## Records supplied
· · · · · · ·
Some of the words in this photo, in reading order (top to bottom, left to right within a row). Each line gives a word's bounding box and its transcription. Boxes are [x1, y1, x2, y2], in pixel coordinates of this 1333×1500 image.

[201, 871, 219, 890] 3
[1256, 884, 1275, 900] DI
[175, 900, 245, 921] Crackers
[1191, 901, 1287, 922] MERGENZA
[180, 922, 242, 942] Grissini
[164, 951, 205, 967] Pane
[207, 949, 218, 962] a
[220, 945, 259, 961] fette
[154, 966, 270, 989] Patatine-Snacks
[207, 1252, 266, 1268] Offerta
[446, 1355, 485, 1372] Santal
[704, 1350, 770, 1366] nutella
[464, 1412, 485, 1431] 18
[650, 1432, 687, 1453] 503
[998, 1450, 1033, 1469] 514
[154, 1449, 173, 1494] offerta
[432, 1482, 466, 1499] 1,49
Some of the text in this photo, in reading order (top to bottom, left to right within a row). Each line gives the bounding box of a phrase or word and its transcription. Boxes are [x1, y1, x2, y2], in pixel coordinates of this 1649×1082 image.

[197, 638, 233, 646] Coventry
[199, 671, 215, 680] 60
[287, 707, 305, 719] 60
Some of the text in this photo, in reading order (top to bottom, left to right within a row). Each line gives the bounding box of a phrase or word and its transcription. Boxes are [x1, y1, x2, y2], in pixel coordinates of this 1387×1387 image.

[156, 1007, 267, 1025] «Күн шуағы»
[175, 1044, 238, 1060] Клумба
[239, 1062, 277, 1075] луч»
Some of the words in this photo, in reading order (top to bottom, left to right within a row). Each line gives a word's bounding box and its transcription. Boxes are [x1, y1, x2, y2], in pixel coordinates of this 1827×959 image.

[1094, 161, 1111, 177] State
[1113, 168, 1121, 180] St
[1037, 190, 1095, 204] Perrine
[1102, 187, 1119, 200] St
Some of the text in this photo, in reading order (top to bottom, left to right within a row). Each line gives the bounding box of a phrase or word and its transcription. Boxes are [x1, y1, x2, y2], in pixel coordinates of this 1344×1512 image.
· · · · · · ·
## Description of the task
Output every line from the records, exactly as written.

## Your solution
Some of the words in this photo, in reading order (top to bottom, left to right within a row). Each line gives a word's bounding box and its transcription. Boxes are [x1, y1, x2, y2], in pixel coordinates of this 1333×1500 image.

[201, 871, 219, 890] 3
[1256, 884, 1275, 900] DI
[175, 900, 245, 921] Crackers
[1191, 901, 1287, 922] MERGENZA
[180, 922, 242, 942] Grissini
[164, 951, 205, 967] Pane
[207, 949, 218, 962] a
[220, 945, 259, 961] fette
[154, 966, 270, 989] Patatine-Snacks
[207, 1252, 266, 1268] Offerta
[446, 1355, 485, 1372] Santal
[704, 1350, 770, 1366] nutella
[464, 1412, 485, 1431] 18
[650, 1432, 687, 1453] 503
[998, 1450, 1033, 1469] 514
[154, 1449, 173, 1494] offerta
[432, 1482, 466, 1499] 1,49
Some of the text in this photo, in reading order (top to bottom, left to right within a row). Each line gives the bounding box of a phrase or word and its transcription. Boxes are [x1, y1, x2, y2], in pixel coordinates of this 1649×1082 image.

[197, 638, 233, 646] Coventry
[199, 671, 215, 680] 60
[287, 707, 305, 719] 60
Some of the text in this photo, in reading order (top to bottom, left to right within a row). Each line gives the bounding box of a phrase or word and its transcription. Boxes are [x1, y1, x2, y2], in pixel coordinates of this 1387×1387 image.

[156, 1007, 267, 1025] «Күн шуағы»
[175, 1044, 238, 1060] Клумба
[239, 1062, 277, 1075] луч»
Some of the words in this photo, in reading order (top to bottom, left to right within a row). Each line gives a word's bounding box and its transcription. Boxes are [x1, y1, x2, y2], in pixel coordinates of this 1827×959 image.

[1094, 161, 1111, 177] State
[1113, 168, 1121, 180] St
[1037, 190, 1095, 204] Perrine
[1102, 187, 1119, 200] St
Some of the text in this photo, in reading order (top to bottom, left to right within a row). Each line gives the bounding box of a phrase or word and its transcription. Boxes are [x1, y1, x2, y2], in pixel coordinates of this 1344×1512 image.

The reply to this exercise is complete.